Data for the task:
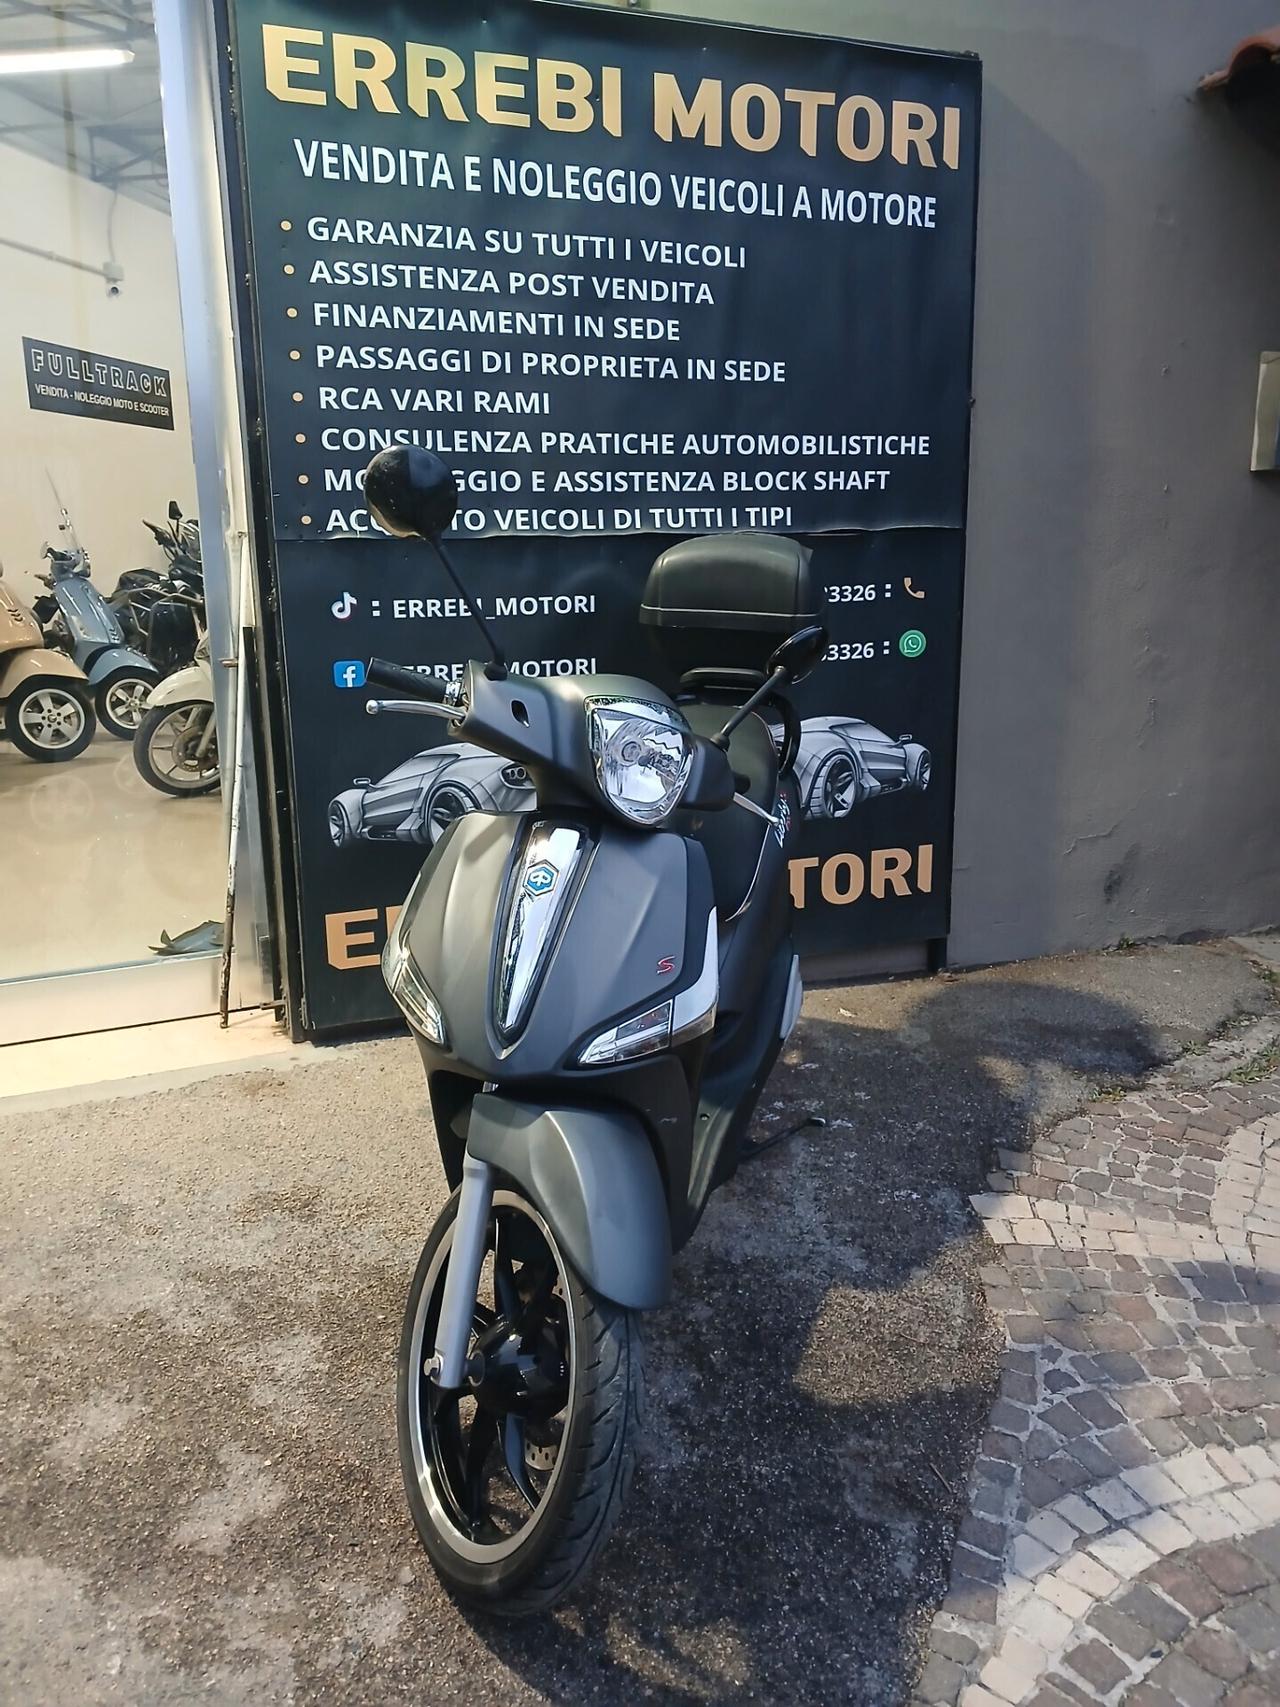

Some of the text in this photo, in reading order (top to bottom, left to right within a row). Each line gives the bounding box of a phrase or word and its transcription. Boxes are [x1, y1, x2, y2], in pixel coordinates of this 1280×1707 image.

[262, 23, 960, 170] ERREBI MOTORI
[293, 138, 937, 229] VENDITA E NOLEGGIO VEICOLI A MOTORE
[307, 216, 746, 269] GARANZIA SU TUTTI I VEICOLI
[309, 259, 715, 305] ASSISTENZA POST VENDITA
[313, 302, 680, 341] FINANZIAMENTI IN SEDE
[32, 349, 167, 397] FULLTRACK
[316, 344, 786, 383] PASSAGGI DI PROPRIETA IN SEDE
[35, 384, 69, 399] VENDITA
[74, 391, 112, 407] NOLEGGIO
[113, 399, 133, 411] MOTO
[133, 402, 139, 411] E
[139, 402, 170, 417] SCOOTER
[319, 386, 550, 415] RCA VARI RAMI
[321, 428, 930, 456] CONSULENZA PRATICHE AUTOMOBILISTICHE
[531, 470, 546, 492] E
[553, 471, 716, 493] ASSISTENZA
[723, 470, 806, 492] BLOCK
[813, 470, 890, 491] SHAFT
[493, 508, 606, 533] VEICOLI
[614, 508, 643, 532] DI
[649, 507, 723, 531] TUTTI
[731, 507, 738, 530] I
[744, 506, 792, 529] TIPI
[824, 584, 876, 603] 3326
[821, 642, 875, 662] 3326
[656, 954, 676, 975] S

The problem:
When you output the listing, reproduce it exactly but drop its pictures.

Solution to the exercise:
Some of the text in this photo, in reading order (top to bottom, left to right within a row). Each line gives the bounding box of a phrase or word and its transcription. Boxes are [x1, y1, x2, y2], in pixel coordinates of this 1280×1707 image.

[262, 23, 960, 170] ERREBI MOTORI
[293, 138, 937, 229] VENDITA E NOLEGGIO VEICOLI A MOTORE
[307, 216, 746, 269] GARANZIA SU TUTTI I VEICOLI
[309, 259, 715, 305] ASSISTENZA POST VENDITA
[313, 302, 680, 341] FINANZIAMENTI IN SEDE
[32, 349, 167, 397] FULLTRACK
[316, 344, 786, 383] PASSAGGI DI PROPRIETA IN SEDE
[35, 384, 69, 399] VENDITA
[74, 391, 112, 407] NOLEGGIO
[113, 399, 133, 411] MOTO
[133, 402, 139, 411] E
[139, 402, 170, 417] SCOOTER
[319, 386, 550, 415] RCA VARI RAMI
[321, 428, 930, 456] CONSULENZA PRATICHE AUTOMOBILISTICHE
[531, 470, 546, 492] E
[553, 471, 716, 493] ASSISTENZA
[723, 470, 806, 492] BLOCK
[813, 470, 890, 491] SHAFT
[493, 508, 606, 533] VEICOLI
[614, 508, 643, 532] DI
[649, 507, 723, 531] TUTTI
[731, 507, 738, 530] I
[744, 506, 792, 529] TIPI
[824, 584, 876, 603] 3326
[821, 642, 875, 662] 3326
[656, 954, 676, 975] S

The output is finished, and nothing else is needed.